In August, we explored the genesis of Yu’s sponge cities, some of the architects applying the green city model on a global scale, and how efficient sponge cities are in light of climate change. In particular, this includes the story of the sister cities of Nogales, Sonora (Mexico) and Nogales, Arizona (USA) – a striking example of the damage that rapid urbanization can do.

The expansion of urban infrastructure can sometimes work in favor of nature. More than 7 million tonnes of soil was excavated during the construction of the Elizabeth Line, London’s most ambitious railway line to date. Instead of wasting this precious material, Crossrail, the company that built the Elizabeth Line, donated about half of it to the Royal Society for the Protection of Birds (RSPB). The 3.5 million tons of soil was shipped from London to the Essex coast where they were used to create a bird sanctuary.

Thanks to this supply, RSPB built seawalls and restored lagoons and tidal flats that once existed in the area but were lost to agriculture, coastal erosion and sea level rise.

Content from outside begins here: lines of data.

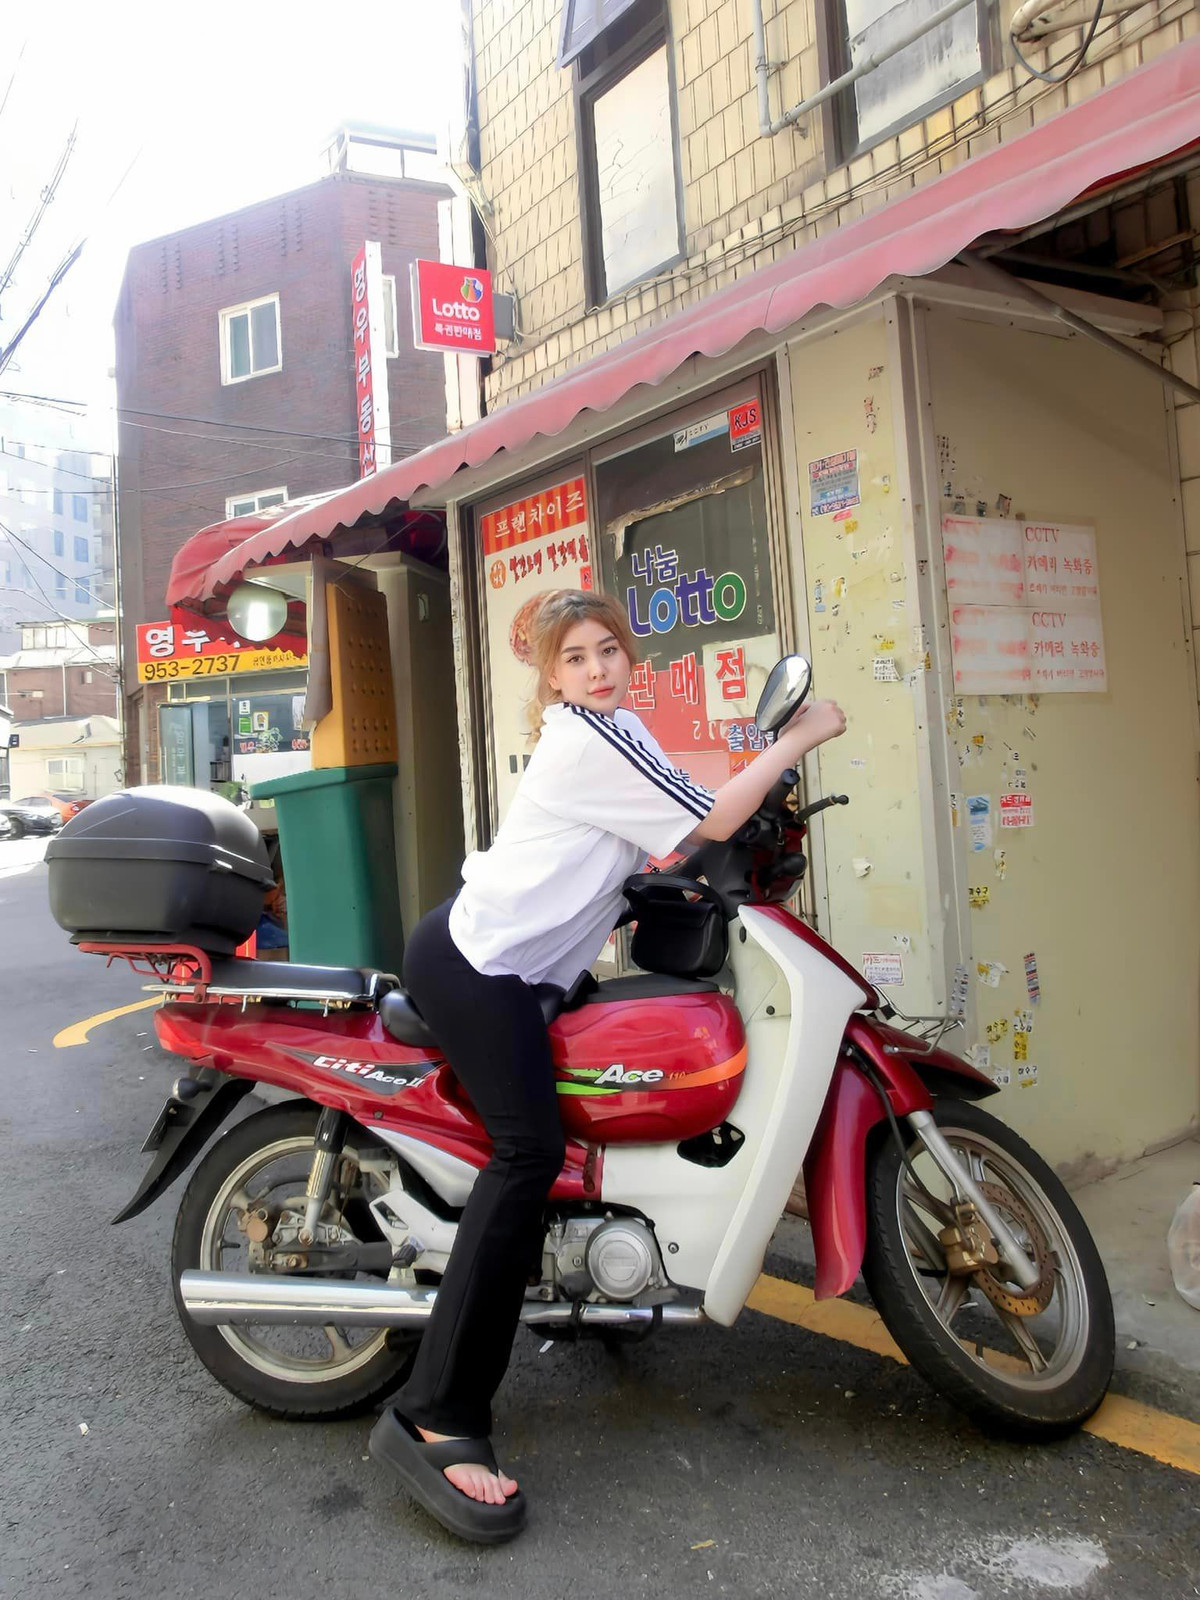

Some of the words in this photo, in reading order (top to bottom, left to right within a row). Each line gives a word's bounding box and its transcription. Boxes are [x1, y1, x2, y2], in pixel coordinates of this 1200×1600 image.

[432, 298, 481, 321] Lotto
[434, 322, 482, 341] 복권판매점
[1025, 526, 1060, 542] CCTV
[632, 545, 678, 586] 나눔
[627, 568, 747, 638] Lotto
[1032, 612, 1066, 628] CCTV
[144, 654, 241, 681] 953-2737
[593, 1063, 664, 1085] Ace
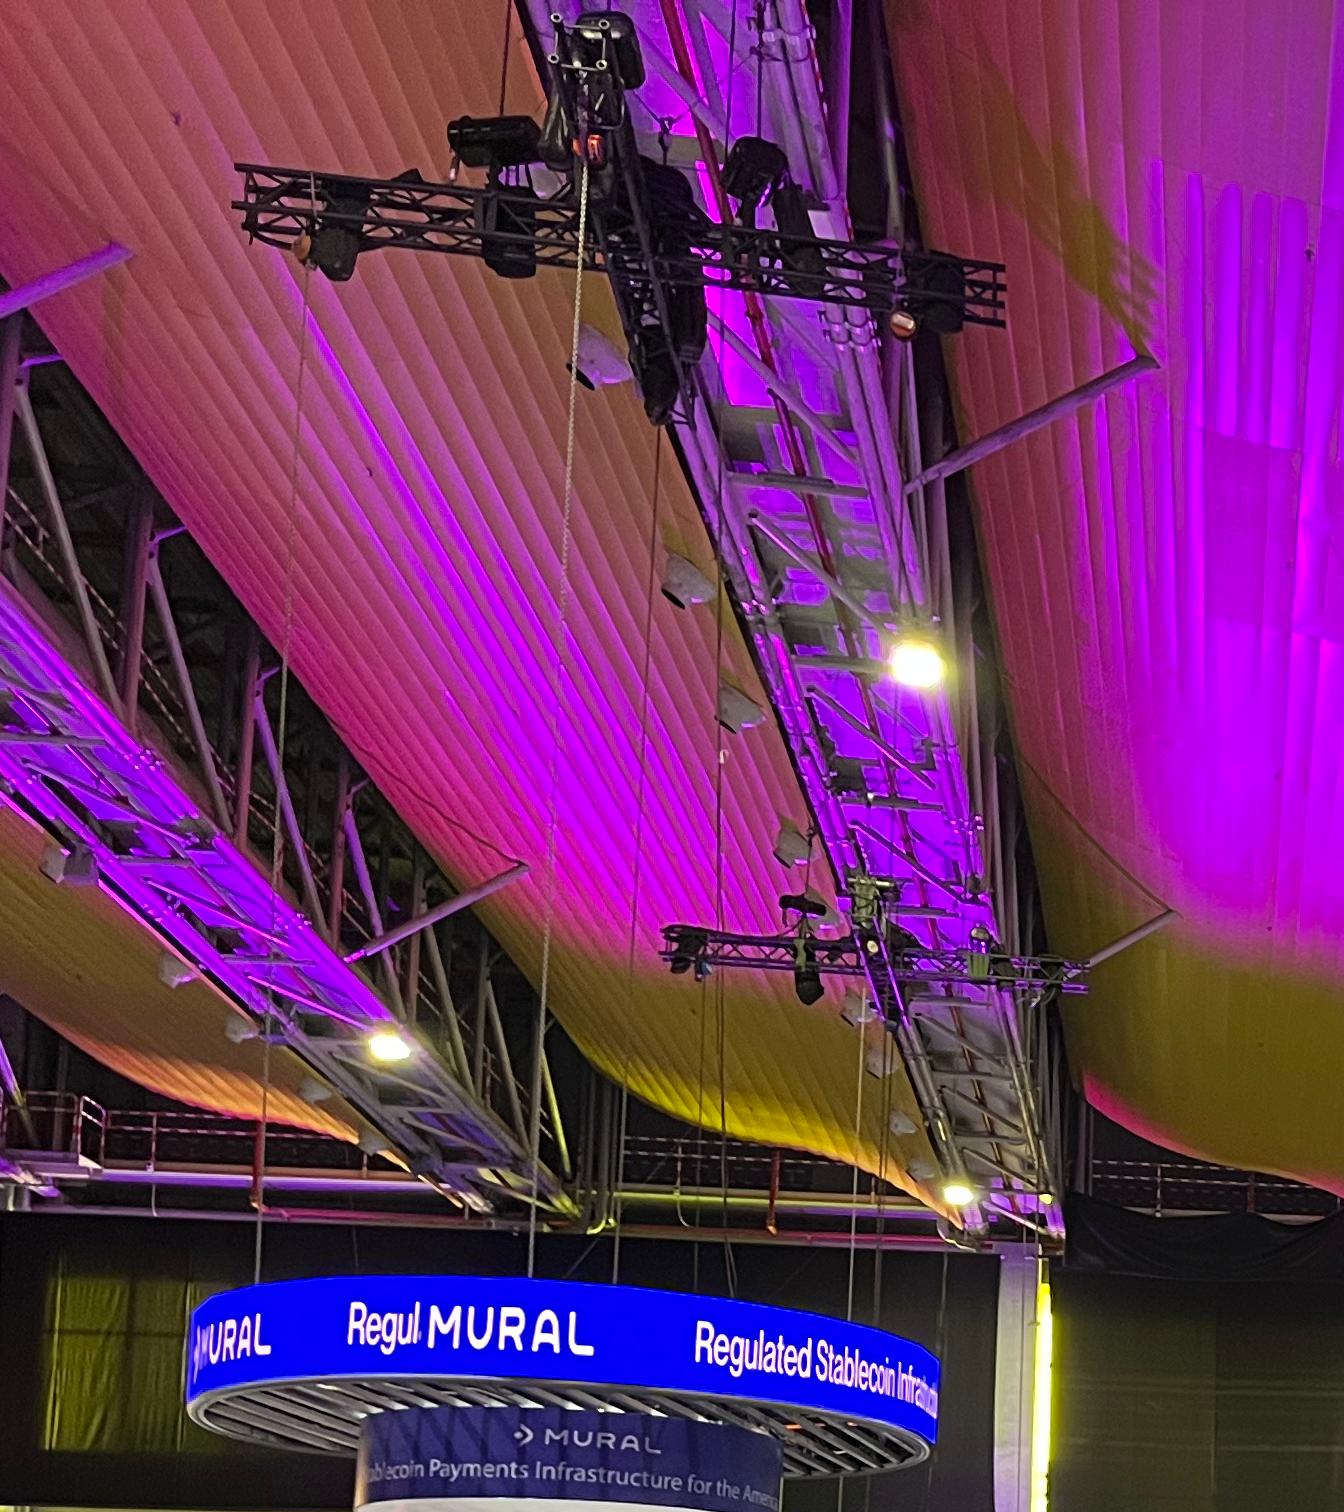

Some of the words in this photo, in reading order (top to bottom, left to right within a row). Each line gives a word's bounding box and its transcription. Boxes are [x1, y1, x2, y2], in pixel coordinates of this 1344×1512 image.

[427, 1304, 595, 1357] MURAL
[694, 1320, 813, 1379] Regulated
[815, 1339, 898, 1396] Stablecoin
[545, 1428, 662, 1454] MURAL
[430, 1458, 528, 1482] Payments
[535, 1461, 682, 1491] Infrastructure
[688, 1473, 713, 1495] for
[716, 1478, 740, 1500] the

When we talk about climate change and cities, we need to look at how city dwellers get their energy. In some European cities, whose historic centers function as open-air museums, bulky, view-obstructing solar panels are prohibited by conservation laws. This makes sense since solar panels have been regarded primarily as an invention of energy technology since their inception. Now that technology has moved forward, it’s time to look at the bigger picture. If cities want to generate their own energy on a large scale, solar designer Marjan van Aubel argues, we also need to rethink what solar panels look like.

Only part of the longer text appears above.